(I-562) Development of a Personalized Machine Learning-based Prediction Model for Short Term Postoperative Outcomes in Patients Undergoing Posterior Cervical Fusion
Clinical Research Coordinator Mount Sinai Health System New York, New York, United States
Introduction: By predicting short-term postoperative outcomes before surgery, patients who undergo posterior cervical fusion (PCF) surgery may benefit from more precise patient care plans that reduce the likelihood of unfavorable outcomes. Based on our literature search, no study has explored the ability of ML algorithms to predict prolonged length of stay (LOS), non-home discharges, and readmissions in a single study following PCF surgery. We developed machine learning models for predicting short-term postoperative outcomes with additional explainability.

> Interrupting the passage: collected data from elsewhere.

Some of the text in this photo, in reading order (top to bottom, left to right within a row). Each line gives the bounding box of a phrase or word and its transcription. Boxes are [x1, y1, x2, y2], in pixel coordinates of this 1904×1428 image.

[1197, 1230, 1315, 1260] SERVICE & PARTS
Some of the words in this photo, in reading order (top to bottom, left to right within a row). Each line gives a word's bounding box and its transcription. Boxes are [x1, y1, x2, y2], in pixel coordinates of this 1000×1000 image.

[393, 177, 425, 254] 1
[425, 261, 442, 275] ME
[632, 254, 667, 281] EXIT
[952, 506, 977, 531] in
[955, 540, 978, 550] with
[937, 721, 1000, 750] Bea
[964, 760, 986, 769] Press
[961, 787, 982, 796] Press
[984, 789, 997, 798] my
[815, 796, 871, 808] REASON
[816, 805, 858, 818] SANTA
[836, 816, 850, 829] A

Methods: The American College of Surgeons National Surgical Quality Improvement Program database was used to identify patients who underwent PCF surgery. Prolonged length of stay, non-home discharges, and readmissions were the three outcomes that were investigated. These outcomes were predicted using four supervised machine learning algorithms: XGBoost, LightGBM, CatBoost, and Random Forest. We used Shapley additive explanations (SHAP) to assess the relative importance of predictor variables, in addition to performance plots and metrics.
Results: A total of 6277 patients that underwent PCF surgery were included in the analysis. The machine learning algorithms were able to accurately predict between 74.6% and 78.5% of the patients who had prolonged LOS with AUROC values between 0.746 and 0.759; between 80.0% and 82.8% of the patients who had non-home discharges with AUROC values between 0.804 to 0.819; and between 93.6% and 94.4% of the patients who had readmissions with AUROC values between 0.720 and 0.724 in the test set. The most important features of the best algorithms for each outcome were as follows: preoperative hematocrit for prolonged LOS, age for non-home discharges, and preoperative sodium for readmissions.

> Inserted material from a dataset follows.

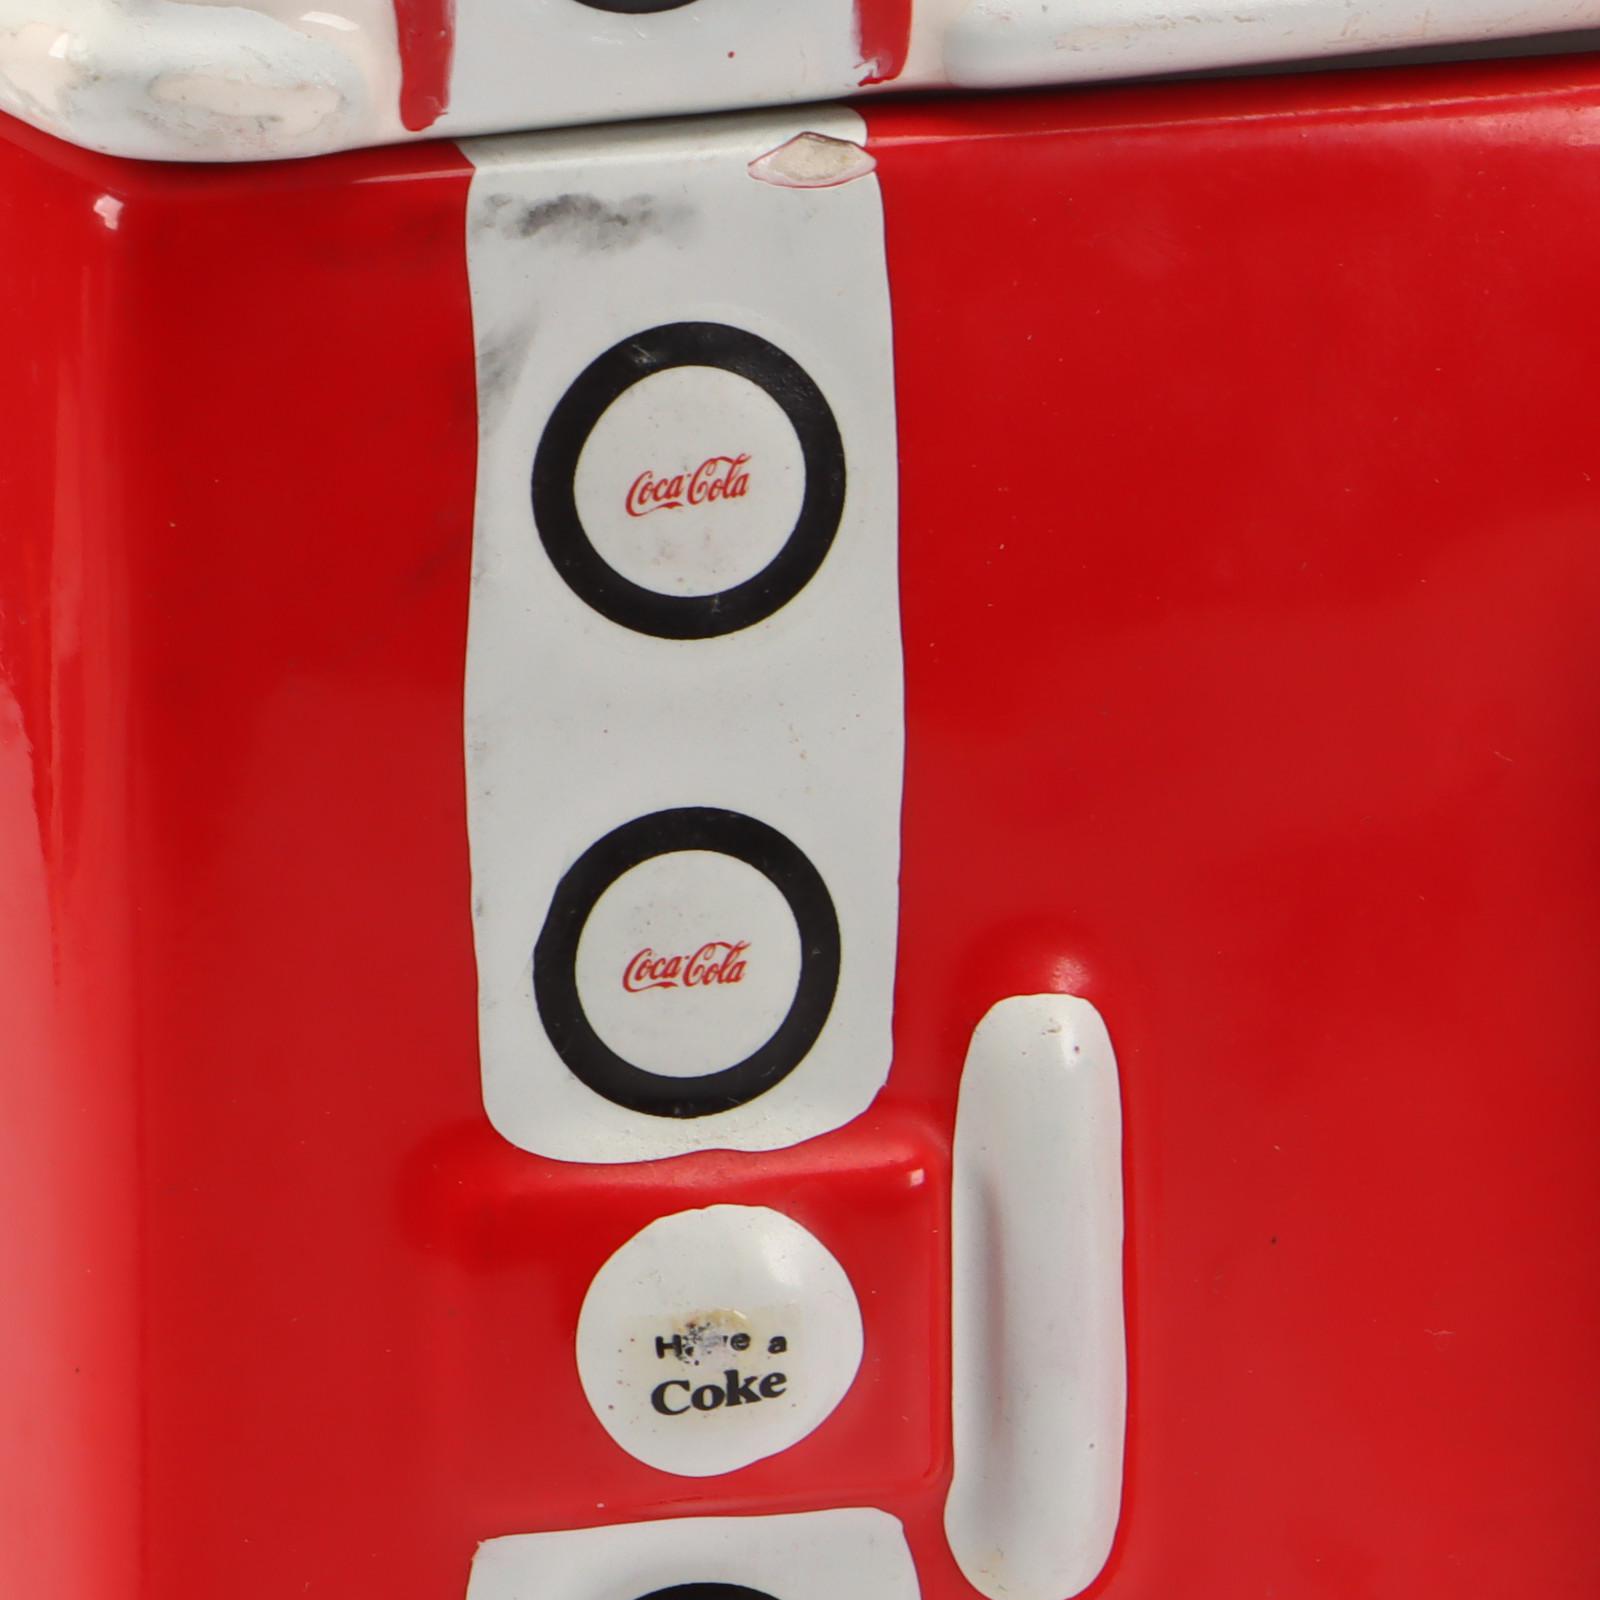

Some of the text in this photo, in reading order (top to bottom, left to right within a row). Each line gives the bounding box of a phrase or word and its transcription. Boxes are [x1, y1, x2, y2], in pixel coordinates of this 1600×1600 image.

[655, 1332, 788, 1361] He a
[650, 1369, 787, 1416] Coke

Conclusion : Machine learning techniques have a significant potential for predicting postoperative outcomes following PCF surgery. The development of predictive models as clinically useful decision-making tools may significantly improve risk assessment and prognosis as the amount of data in spinal surgery keeps growing. Here, we present predictive models for PCF surgery that are meant to accomplish the aforementioned goals.